As a result of these difficulties the system remained fragmented and fragile. In 2016, maintenance on TDWGs LSID resolution service was terminated and TDWGs support of LSIDs came into questioning by members of the group (TDWG 2016). After two months without a central resolving system, a resolver has been made available at http://www.lsid.info. However, the discussion is ongoing and significant parts of the biodiversity informatics community recommend switching from LSID to cool URI (Guralnick et al. 2015). Using Google Scholar as a search engine we estimated that about 14,000 LSIDs have been used in the scientific literature.
At the same time as criteria for trusted repositories were developed (Dobratz et al. 2009; Sesink, van Horik, and Harmsen 2008), similar efforts looked at criteria for trustworthy persistent identifier systems. Most notable are the criteria for trusted persistent identifier systems developed by Bütikofer (2009) in the context of the German nestor research programme on long-term preservation, and the review of persistent identifier systems as tools for science by Duerr et al. (2011). While the criteria of Bütikofer emphasize technical and organisational criteria, the review of Duerr et al. focuses more on usability of identifier systems as part of the academic record. Even though the authors come to different conclusions about which systems are likely to persist, both recognise the importance of organisational sustainability. If organisational stability is the Achilles Heel of persistent identifier systems, are there ways we can achieve better sustainability of PID systems?
A first step towards better sustainability of PID systems would be more transparency. This should include all aspects of a PID system, technical documentation, policies, governance and in particular the data and metadata which are necessary to resolve a PID.

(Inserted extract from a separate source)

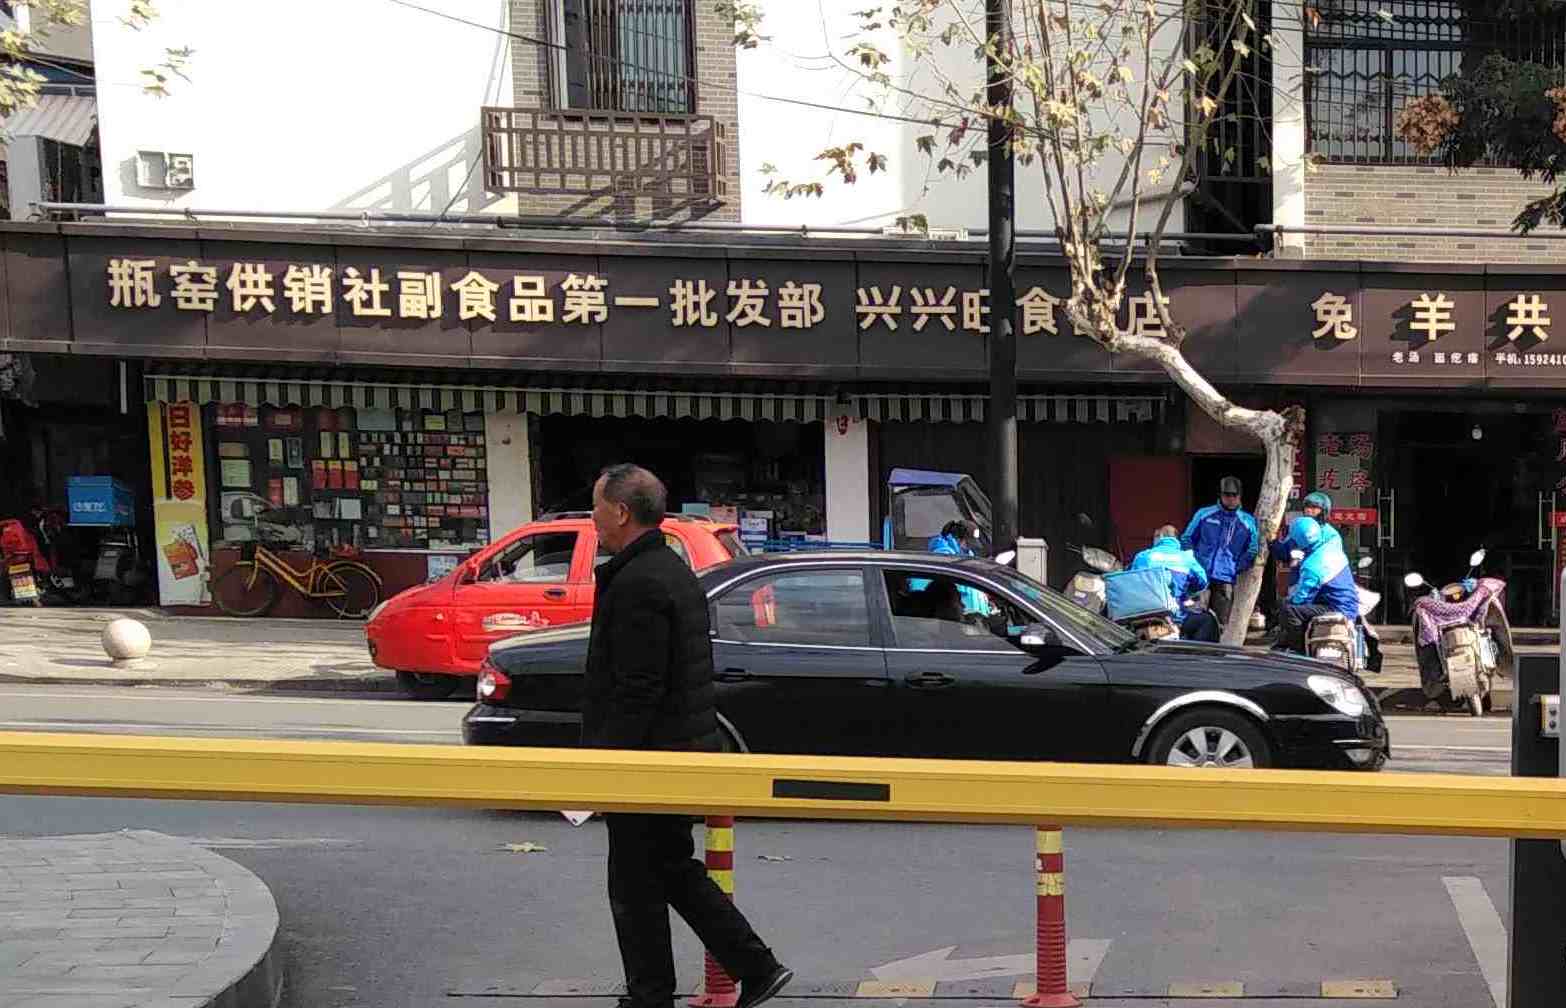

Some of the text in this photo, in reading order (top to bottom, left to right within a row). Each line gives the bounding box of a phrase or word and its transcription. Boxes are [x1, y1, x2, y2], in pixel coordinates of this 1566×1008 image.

[107, 257, 825, 328] 瓶窑供销社副食品第一批发部
[855, 285, 1170, 338] 兴兴旺食店

Today, most of discussions related to the status of PID systems are hidden in online discussion fora and email lists and is only rarely made public. It is entirely unsatisfactory to publicly and officially promote a PID system while exit strategies are being discussed in the background or services are silently ceased. This needs to change, and clearly a more participatory attitude and proactive communication strategy would be beneficial for all PID systems stakeholders.
A set of criteria, analogous to the criteria for the description of research data repositories published by re3data.org (Rücknagel et al. 2015), would help with the evaluation of PID systems. In conjunction with the re3data.org criteria, they would also help to identify weaknesses in the shared responsibility of the data provider and the operator of the PID resolver service for a reliable resolution of identifiers to web endpoints.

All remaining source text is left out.